Raw data section start

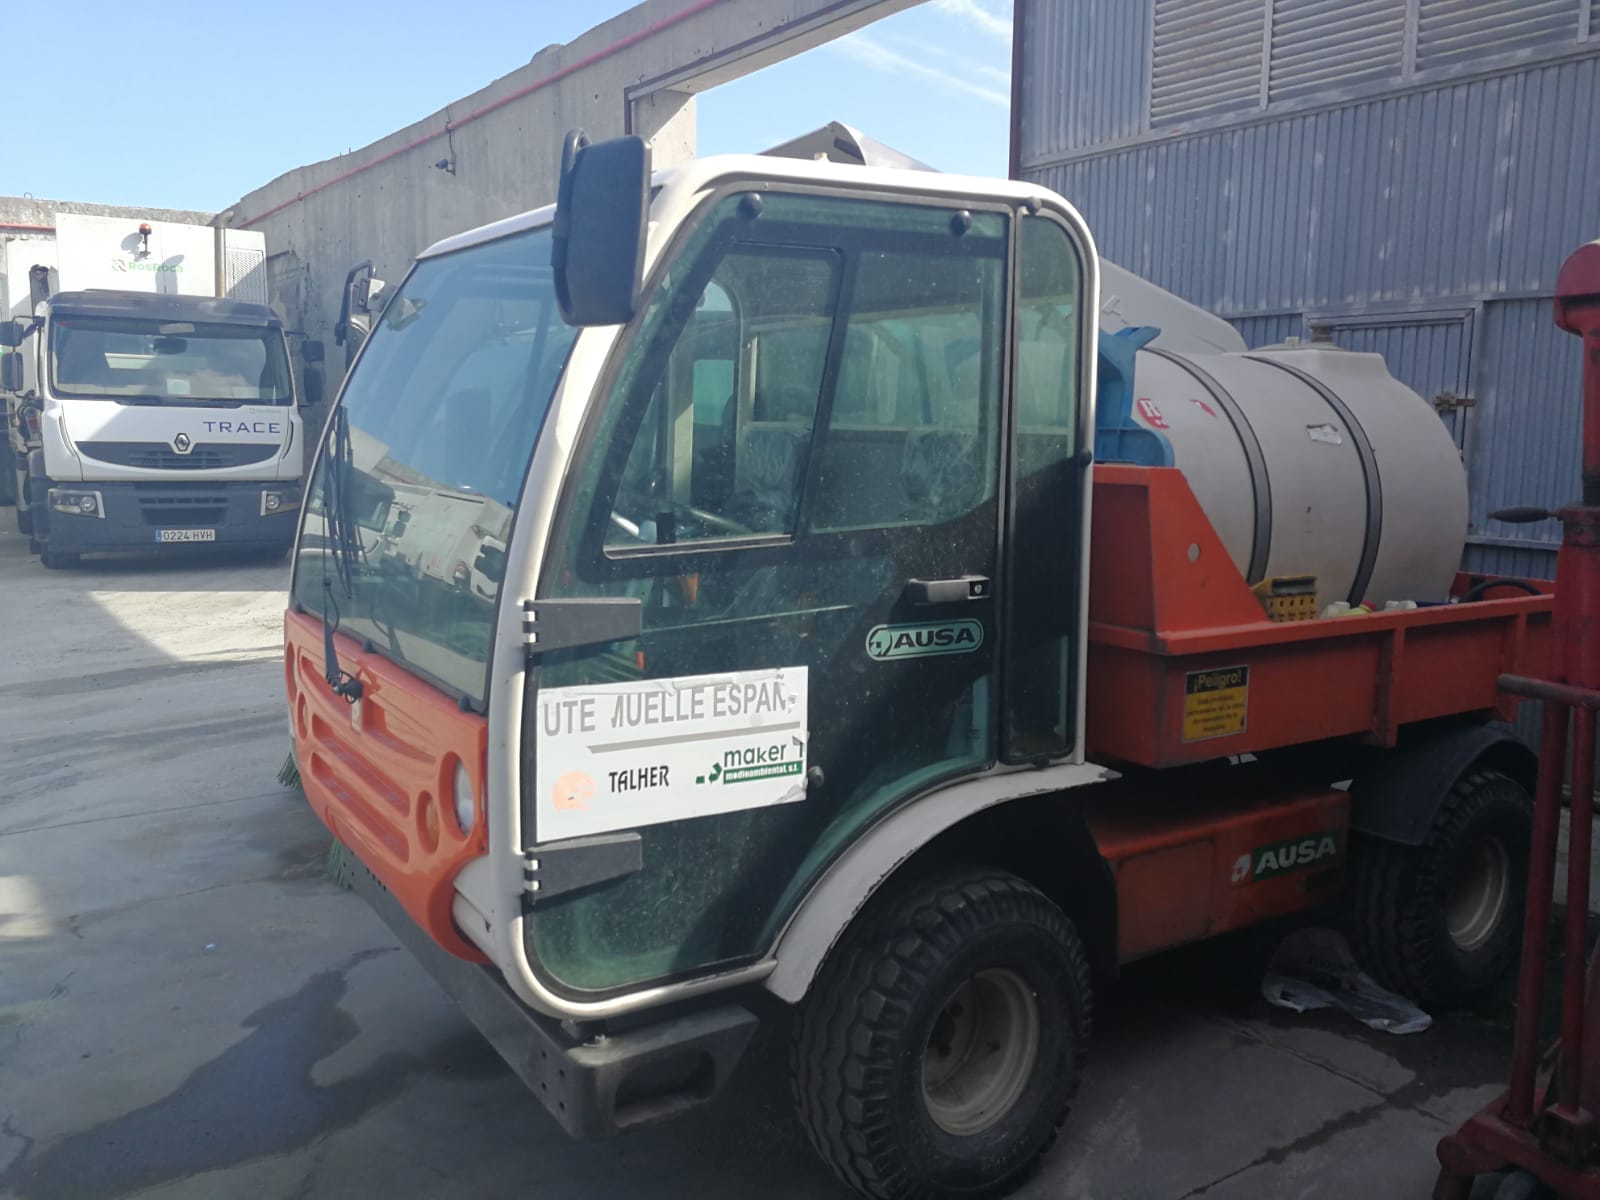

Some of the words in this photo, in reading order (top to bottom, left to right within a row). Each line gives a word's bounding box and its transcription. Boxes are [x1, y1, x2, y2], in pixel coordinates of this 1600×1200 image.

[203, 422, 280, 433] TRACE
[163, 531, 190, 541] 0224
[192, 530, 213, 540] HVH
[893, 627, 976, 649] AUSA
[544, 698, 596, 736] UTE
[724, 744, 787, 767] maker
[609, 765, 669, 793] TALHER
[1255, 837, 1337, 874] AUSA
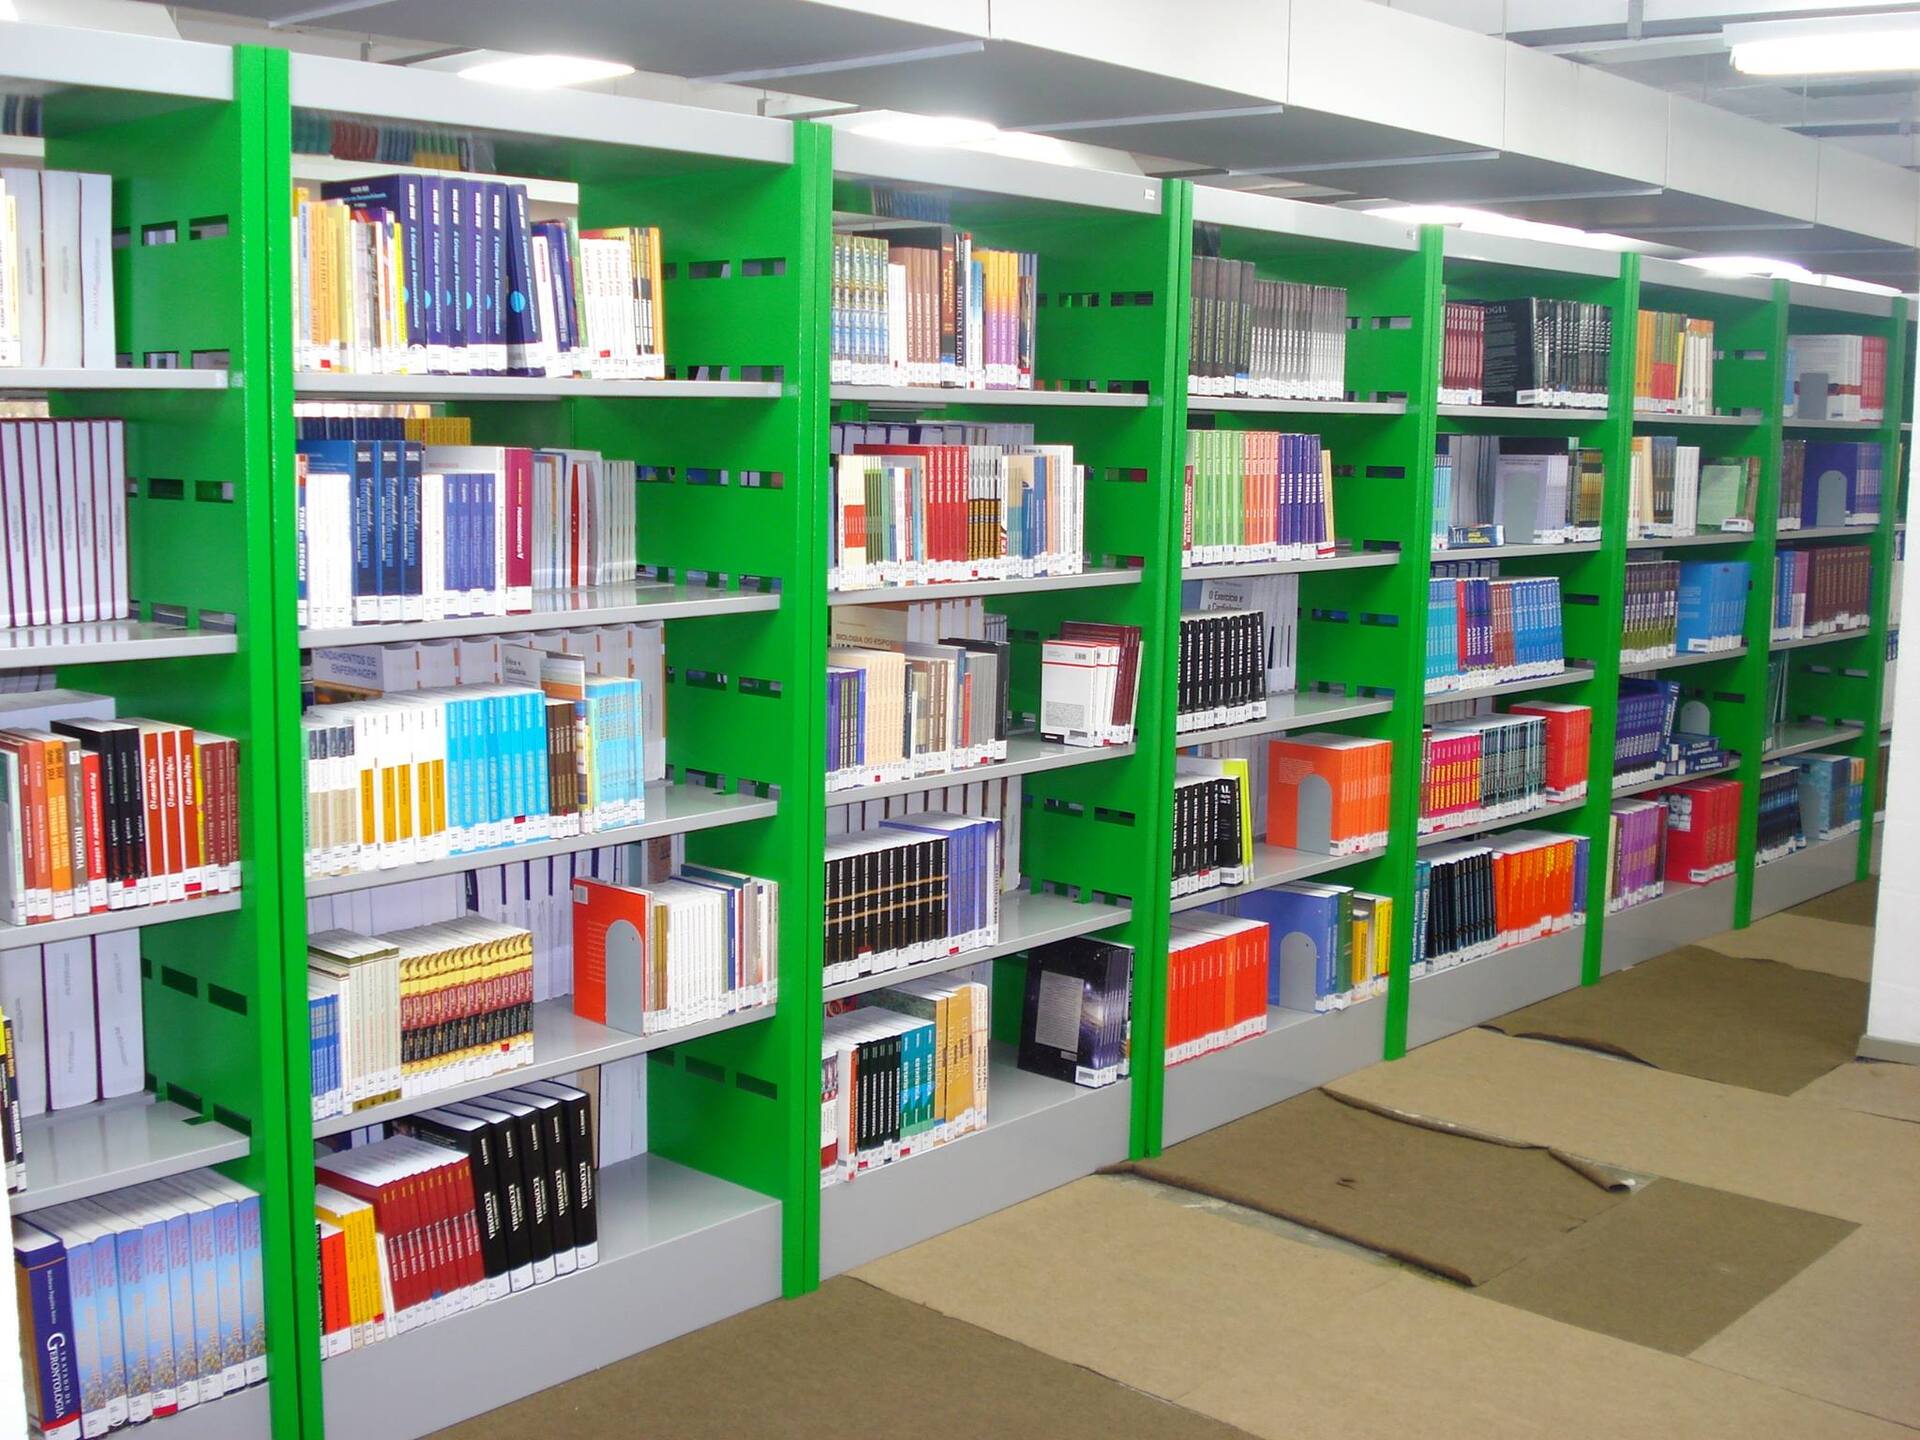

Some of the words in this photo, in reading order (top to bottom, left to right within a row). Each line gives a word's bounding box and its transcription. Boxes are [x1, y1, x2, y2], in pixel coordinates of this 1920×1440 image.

Raw data section end

■ Work instructions:
Only the pictures are to be left out; restate everything else in the listing word for word.

■ Finished task:
Some of the words in this photo, in reading order (top to bottom, left to right within a row). Each line gives a word's bounding box and its transcription. Boxes are [x1, y1, x2, y2], in pixel coordinates of this 1600×1200 image.

[203, 422, 280, 433] TRACE
[163, 531, 190, 541] 0224
[192, 530, 213, 540] HVH
[893, 627, 976, 649] AUSA
[544, 698, 596, 736] UTE
[724, 744, 787, 767] maker
[609, 765, 669, 793] TALHER
[1255, 837, 1337, 874] AUSA

Some of the words in this photo, in reading order (top to bottom, left to right within a row). Each line gives a word's bounding box and its transcription. Boxes are [x1, y1, x2, y2], in pixel coordinates of this 1920×1440 image.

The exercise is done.